Lewis C. Levin was born in Charleston, South Carolina on November 10, 1808. He graduated from South Carolina College (now the University of South Carolina) at Columbia and moved to Woodville, Mississippi in about 1828 and taught school. He studied law and was admitted to the bar and practiced in several states (Maryland, Louisiana, Kentucky, and Pennsylvania) before eventually settling in Philadelphia in 1838. In Philadelphia he served as editor of the Philadelphia Daily Sun and was elected to Congress as a member of the American Party which he helped found. Unsuccessful in his candidacy for reelection in 1850, he resumed the practice of law. Levin died in Philadelphia on March 14, 1860; interment in Laurel Hill Cemetery.

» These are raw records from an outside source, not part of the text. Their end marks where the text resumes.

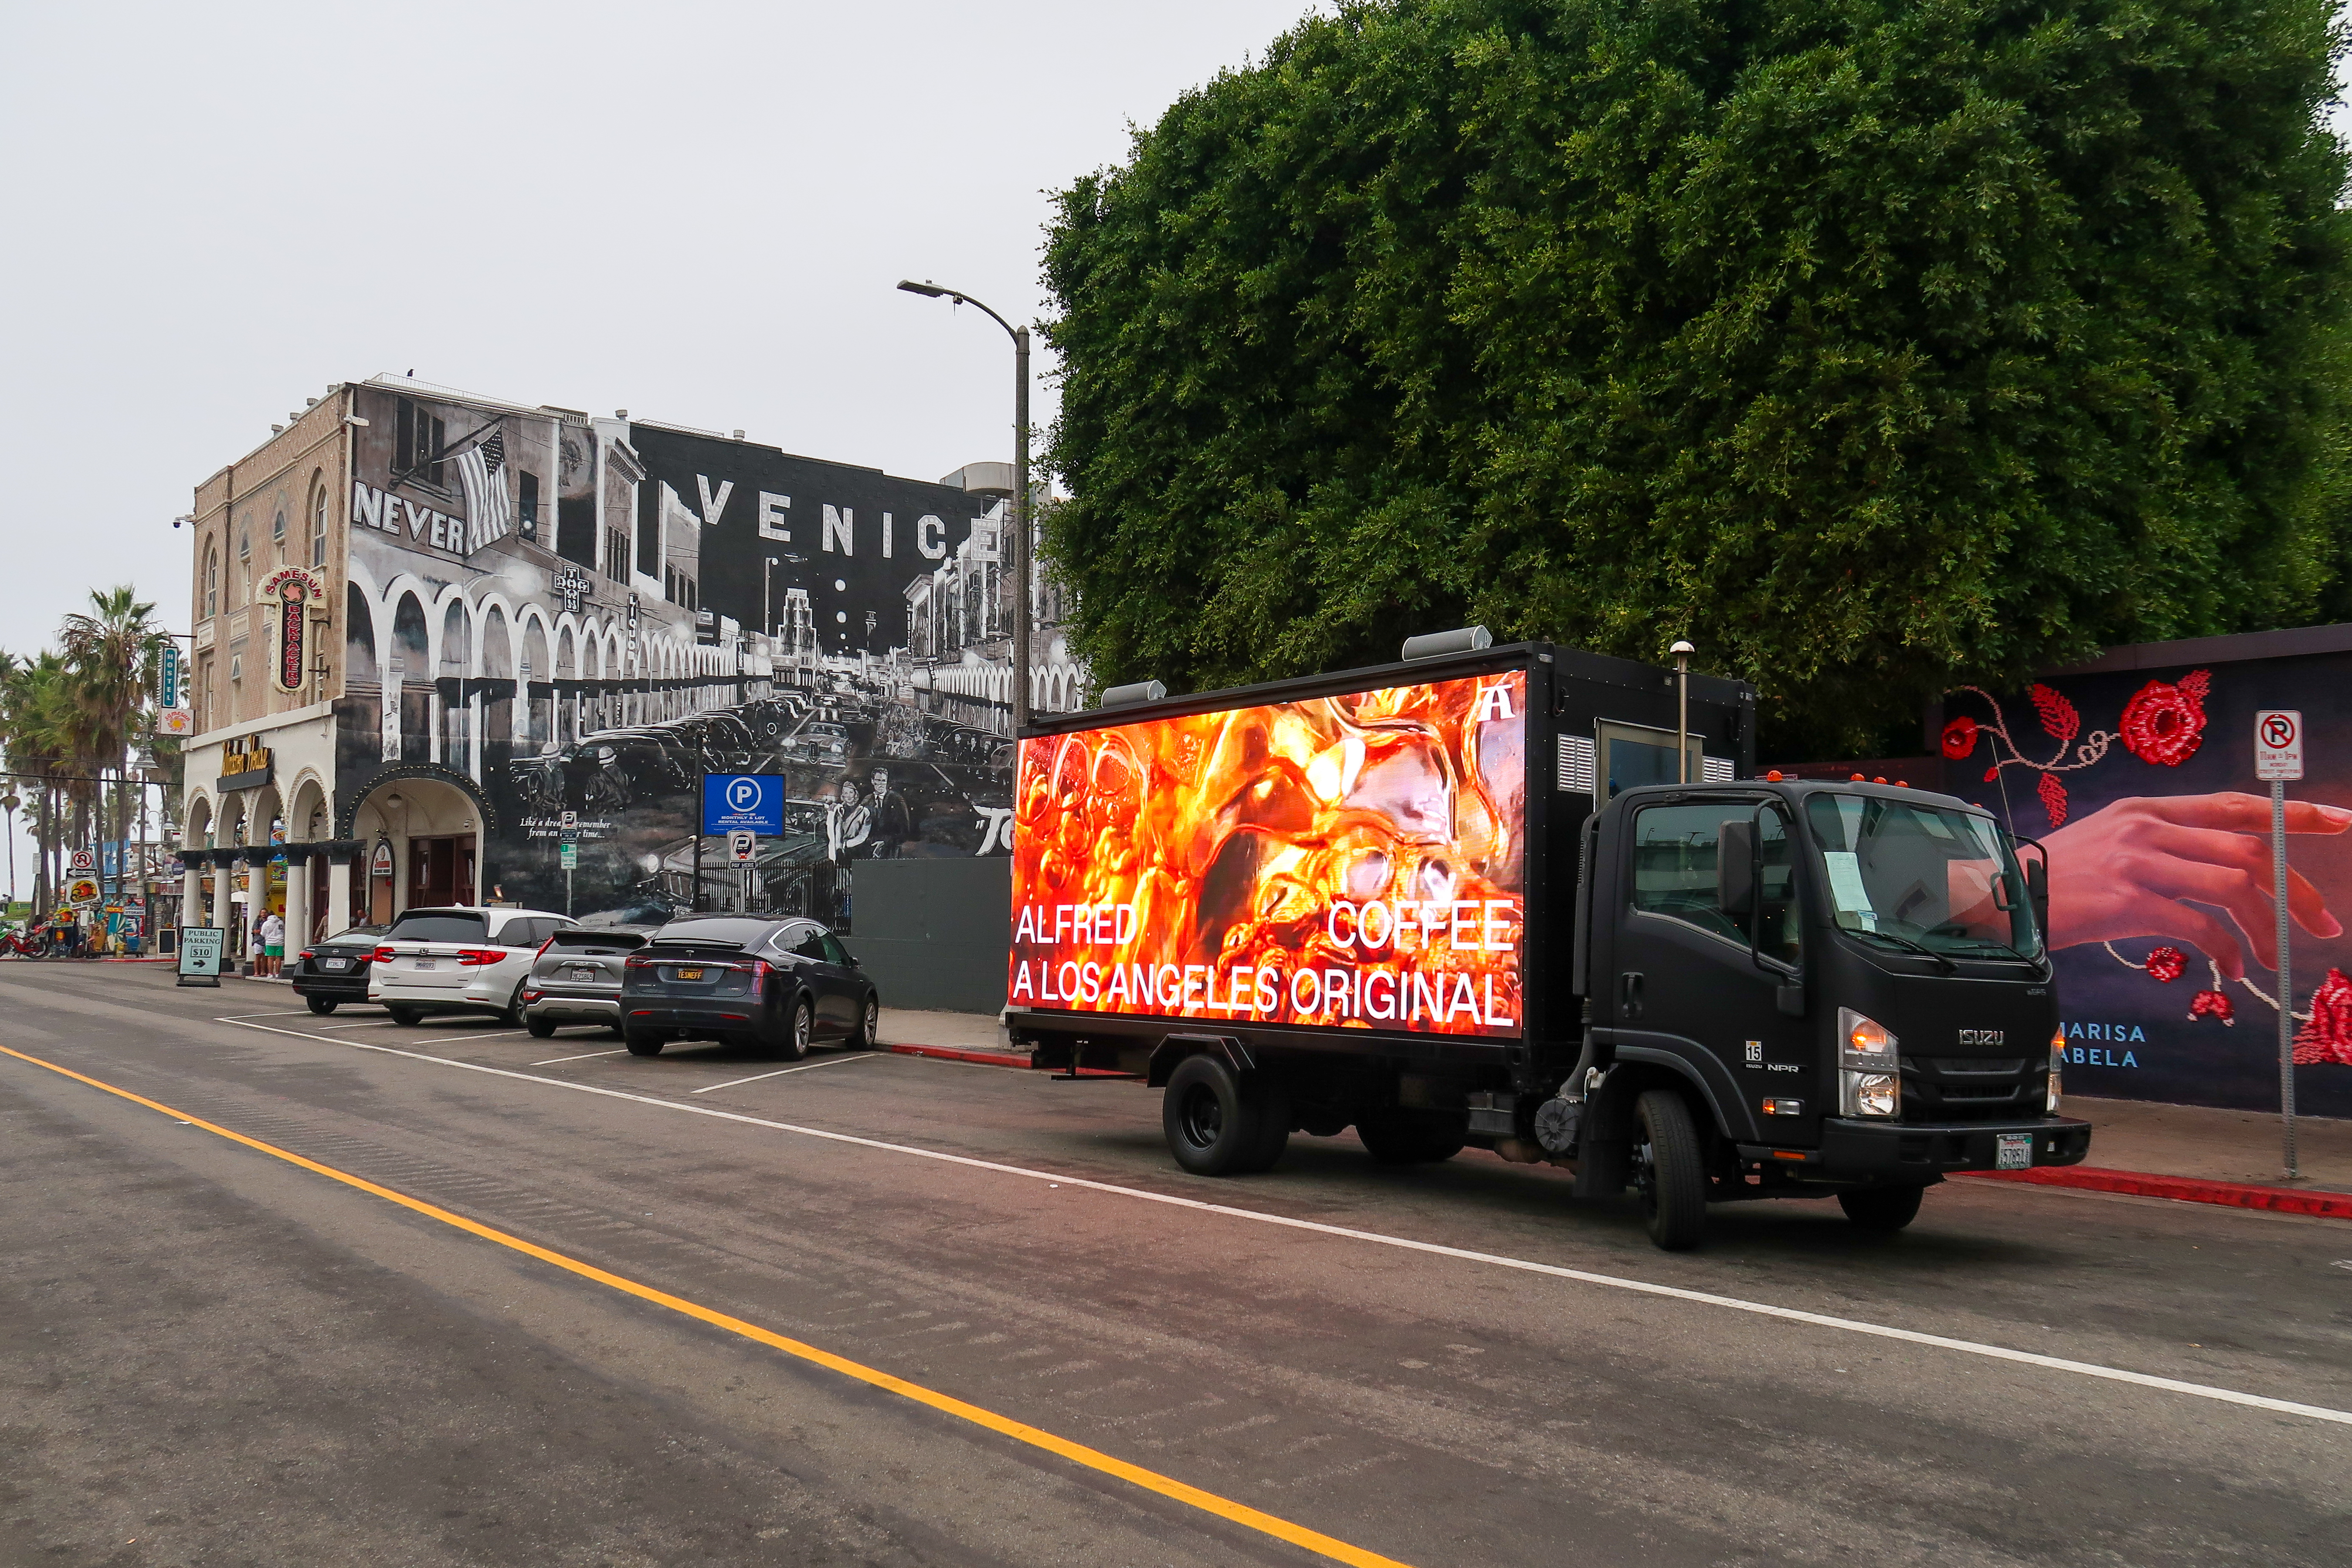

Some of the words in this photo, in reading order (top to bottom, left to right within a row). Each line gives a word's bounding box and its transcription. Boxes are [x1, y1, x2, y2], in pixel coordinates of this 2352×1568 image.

[353, 481, 463, 554] NEVER
[696, 473, 998, 562] VENICE
[265, 570, 322, 599] SAMESUN
[286, 605, 301, 687] BACKPACKERS
[737, 786, 752, 803] P
[519, 816, 536, 826] Like
[545, 817, 562, 827] drea
[576, 819, 611, 828] remember
[526, 827, 546, 840] from
[1015, 903, 1137, 944] ALFRED
[1328, 899, 1514, 950] COFFEE
[677, 971, 702, 979] TESNEFF
[1013, 960, 1034, 999] A
[1041, 960, 1100, 1002] LOS
[1107, 963, 1279, 1012] ANGELES
[1290, 967, 1514, 1026] ORIGINAL
[1959, 1029, 2004, 1045] ISUZU
[1747, 1046, 1761, 1060] 15
[1767, 1064, 1799, 1073] NPR

According to one commentator:

He had an immense following. Blending religious with political passions, he dominated in our conventions, electing himself and others to Congress, carrying most of the local officers in Philadelphia, and erecting in the First Pennsylvania district, now the stronghold of the very Catholics he opposed, a power that was, while it endured, really invincible. Perhaps the very ferocity of the onset of Mr. Levin and his cohorts gave the sympathy of others to the Catholics. A fervid speaker and nervous writer, he was conspicious on the open platform, the Congressional forum, and in the public press. Some of his speeches in the House were models of popular oratory. [John W. Forney, 1 Ancedotes of Public Men 131 (New York: Harper & Brothers, 1873)] [online text]

Lewis C. Levin
Appleton's Cyclopedia of American Biography
(New York: D. Appleton and Company, 1887-1889)(James Grant Wilson & John Fiske eds.)(6 vols.)

Lewis Charles Levin
Biographical Directory of the United States Congress

Writings

Lewis C. Levin, A Lecture on Irish Repeal, in elucidation of the fallacy of its principles, and in proof of its pernicious tendency, in its moral, religious, and political aspects (Philadelphia, 1844)

____________, Intemperance the Prelude to Gambling and Suicide, as illustrated in the Life of Rev. C. C. Colton, Author of "Lacon," (Philadelphia: Printed by William F. Geddes, 1845)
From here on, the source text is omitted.